How to Code with AI Without Burning Tokens: A Spec-Driven Workflow (2026)

AI writes worse code when you give it more context, not better — a bloated context confuses the model, burns tokens on every request, and sends it editing the wrong files. The fix is spec-driven, context-efficient coding: write a short spec (exact stack versions, architecture, the reusable code to use, and how to verify), load only the documents a task needs, and work in small sprints with a fresh context each time. AI-driven development is really context management.

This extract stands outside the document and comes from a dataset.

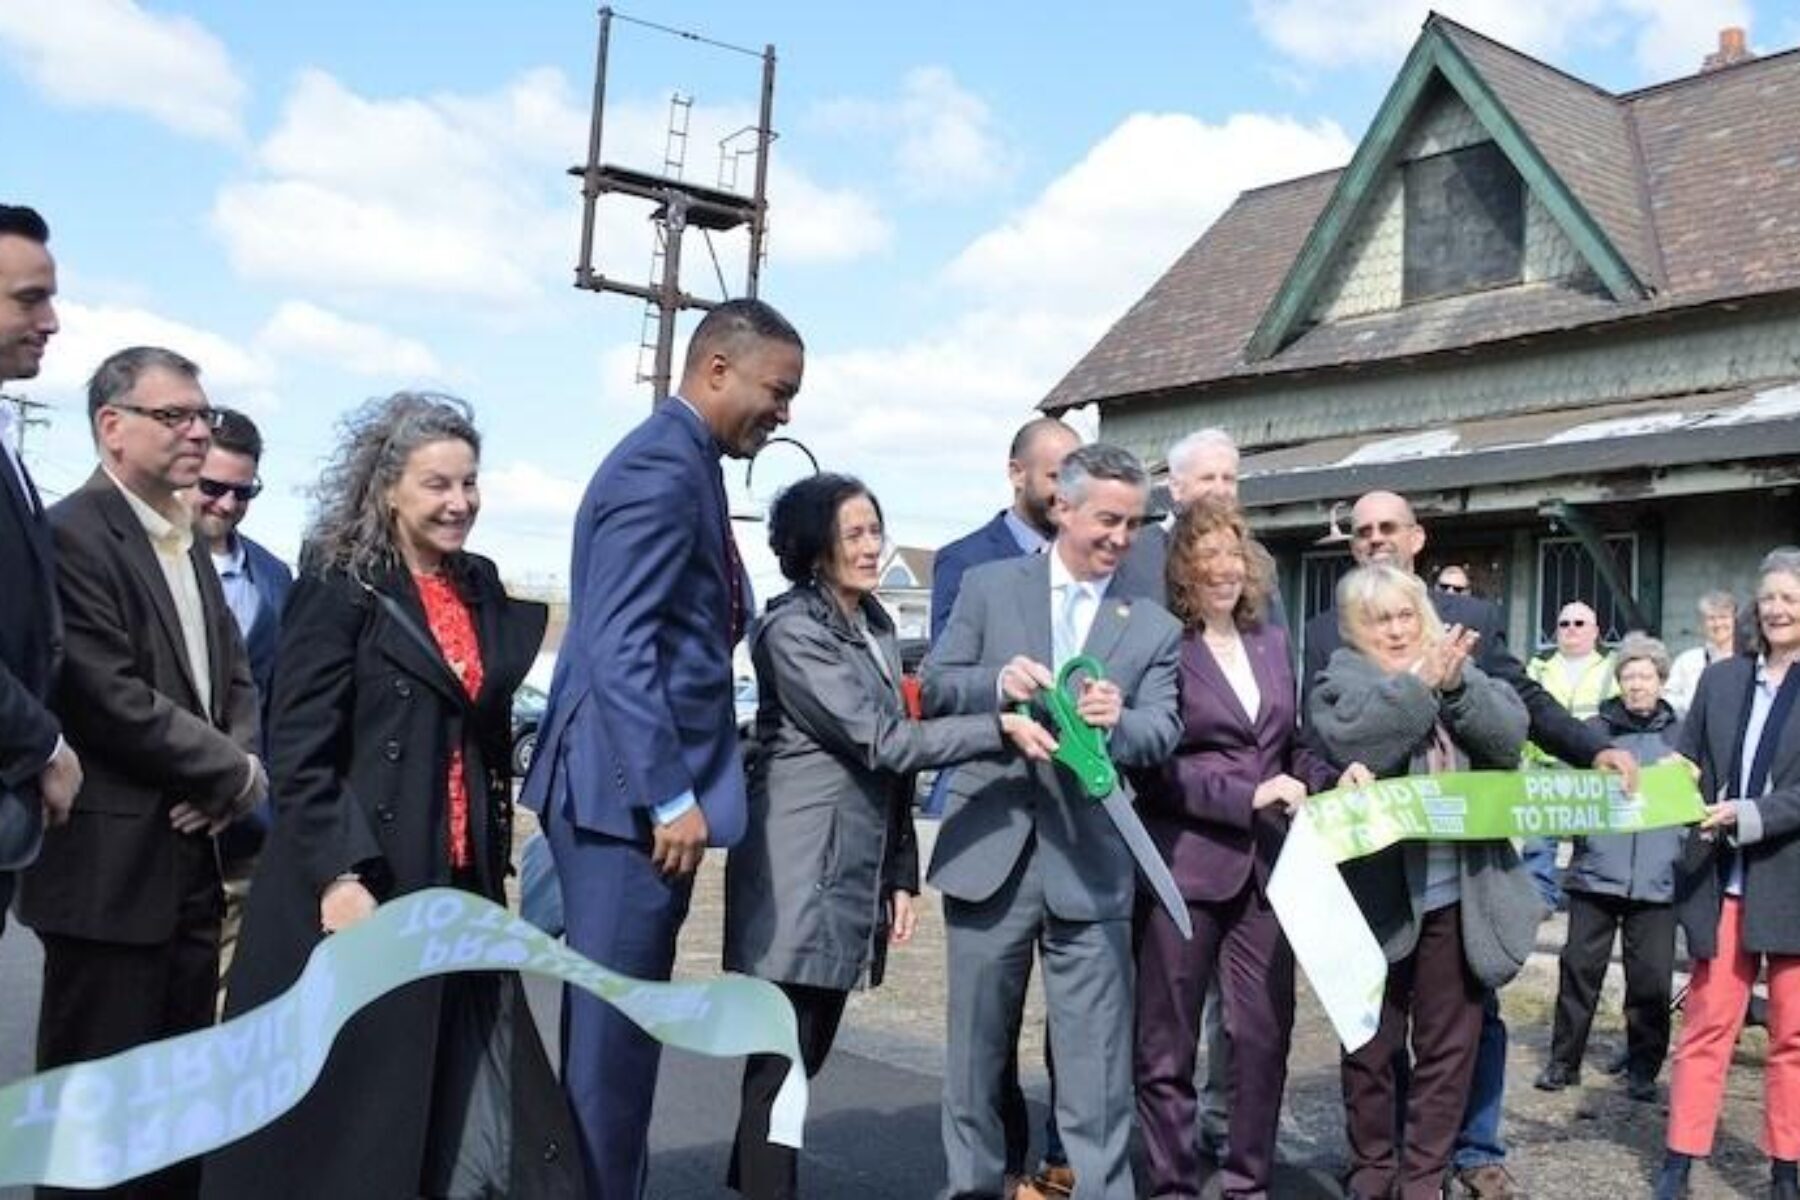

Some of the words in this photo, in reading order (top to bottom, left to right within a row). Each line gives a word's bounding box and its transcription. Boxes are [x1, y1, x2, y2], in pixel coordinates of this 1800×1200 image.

The engineers getting clean code out of AI in 2026 aren't using a secret model — they're managing context. This is the practical playbook: why more context makes AI worse and pricier, what a spec actually contains, how to split a large project's docs so each task loads only what it needs, and a symptom-to-fix table for when the agent goes rogue. It maps straight onto Claude Code's CLAUDE.md and the AGENTS.md standard, which are where this spec lives.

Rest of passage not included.